● EXERCISE DESCRIPTION
Omit the pictures from the entries below and retype everything else exactly.

● THE INPUT
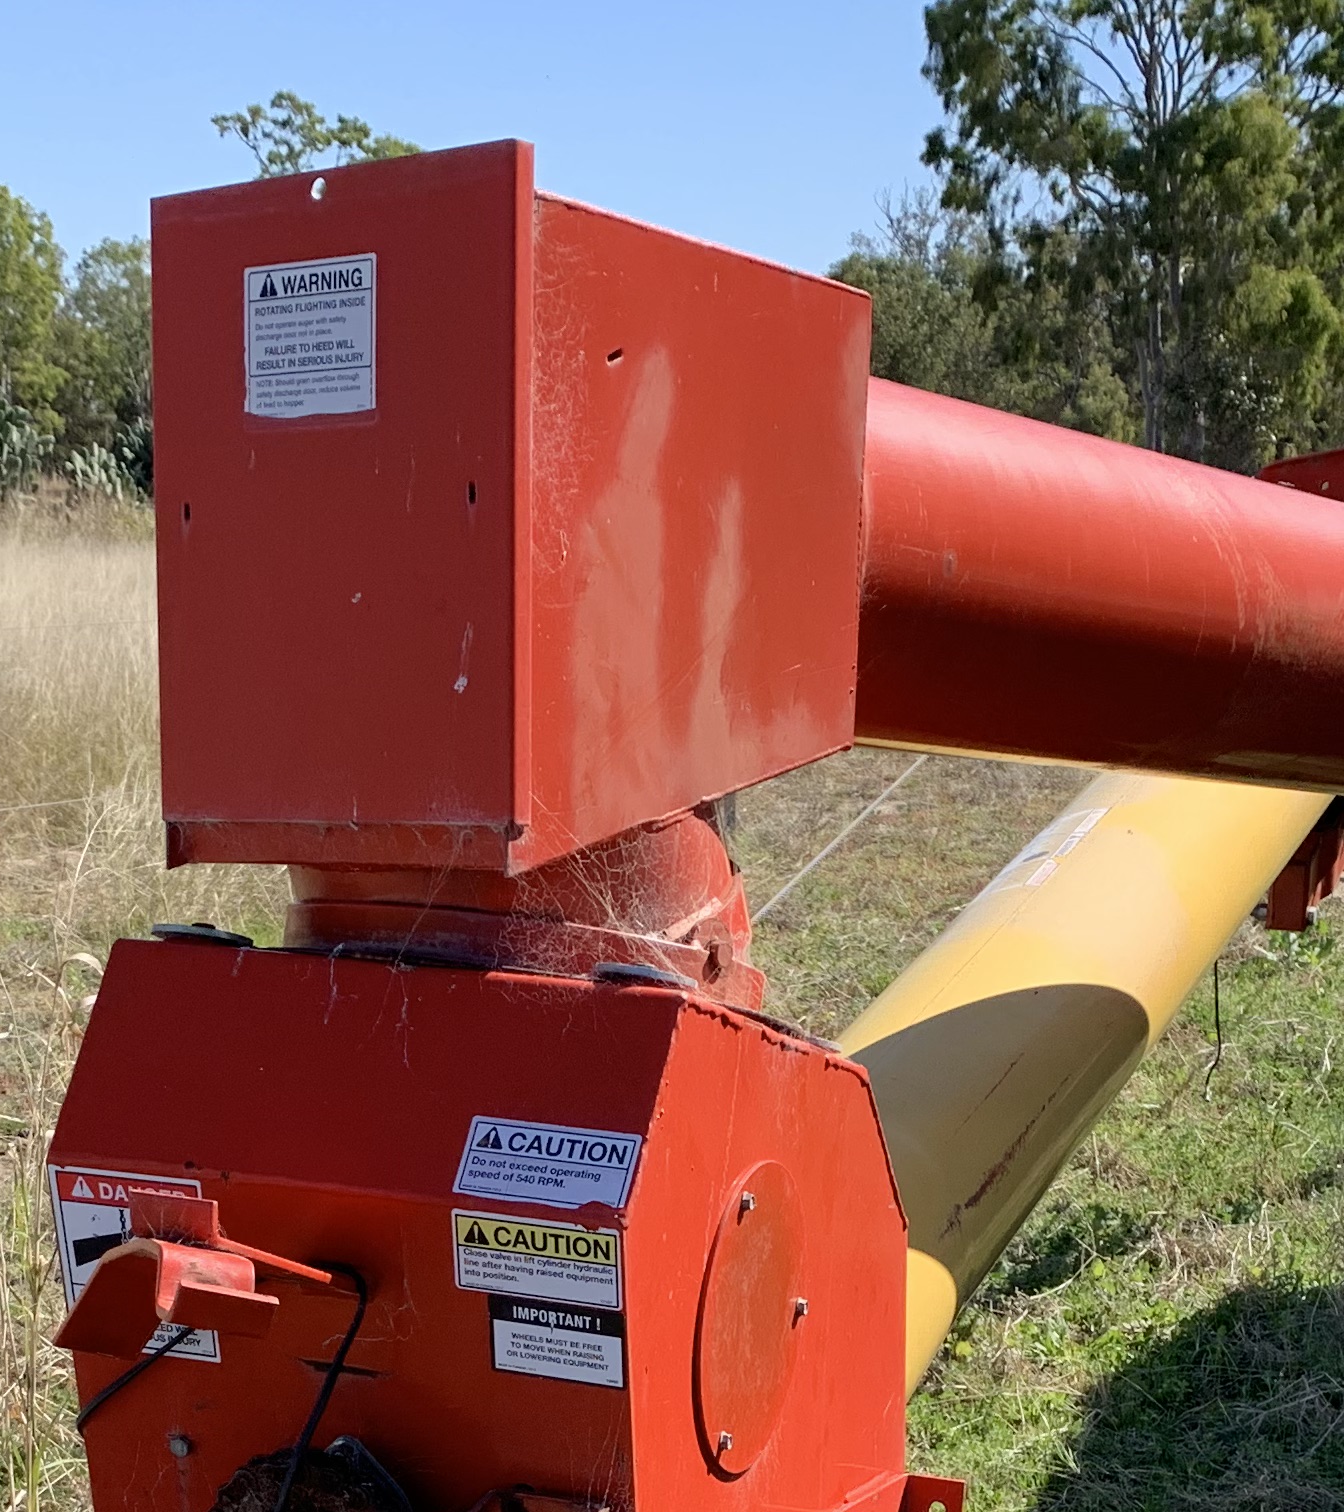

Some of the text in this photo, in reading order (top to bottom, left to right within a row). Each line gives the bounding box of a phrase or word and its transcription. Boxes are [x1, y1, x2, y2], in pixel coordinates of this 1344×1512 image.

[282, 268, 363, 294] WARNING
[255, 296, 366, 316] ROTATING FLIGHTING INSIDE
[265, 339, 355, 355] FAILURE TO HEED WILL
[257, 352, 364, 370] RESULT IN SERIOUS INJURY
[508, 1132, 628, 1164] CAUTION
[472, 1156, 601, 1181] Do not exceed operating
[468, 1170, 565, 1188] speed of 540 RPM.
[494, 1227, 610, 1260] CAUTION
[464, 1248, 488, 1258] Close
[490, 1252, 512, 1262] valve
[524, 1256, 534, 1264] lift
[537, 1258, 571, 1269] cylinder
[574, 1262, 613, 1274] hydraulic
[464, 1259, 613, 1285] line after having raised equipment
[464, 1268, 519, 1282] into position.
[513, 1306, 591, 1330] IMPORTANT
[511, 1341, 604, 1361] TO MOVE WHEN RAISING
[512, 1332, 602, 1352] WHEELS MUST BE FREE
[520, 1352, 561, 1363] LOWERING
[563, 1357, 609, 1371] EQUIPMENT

● THE ANSWER
Some of the text in this photo, in reading order (top to bottom, left to right within a row). Each line gives the bounding box of a phrase or word and its transcription. Boxes are [x1, y1, x2, y2], in pixel coordinates of this 1344×1512 image.

[282, 268, 363, 294] WARNING
[255, 296, 366, 316] ROTATING FLIGHTING INSIDE
[265, 339, 355, 355] FAILURE TO HEED WILL
[257, 352, 364, 370] RESULT IN SERIOUS INJURY
[508, 1132, 628, 1164] CAUTION
[472, 1156, 601, 1181] Do not exceed operating
[468, 1170, 565, 1188] speed of 540 RPM.
[494, 1227, 610, 1260] CAUTION
[464, 1248, 488, 1258] Close
[490, 1252, 512, 1262] valve
[524, 1256, 534, 1264] lift
[537, 1258, 571, 1269] cylinder
[574, 1262, 613, 1274] hydraulic
[464, 1259, 613, 1285] line after having raised equipment
[464, 1268, 519, 1282] into position.
[513, 1306, 591, 1330] IMPORTANT
[511, 1341, 604, 1361] TO MOVE WHEN RAISING
[512, 1332, 602, 1352] WHEELS MUST BE FREE
[520, 1352, 561, 1363] LOWERING
[563, 1357, 609, 1371] EQUIPMENT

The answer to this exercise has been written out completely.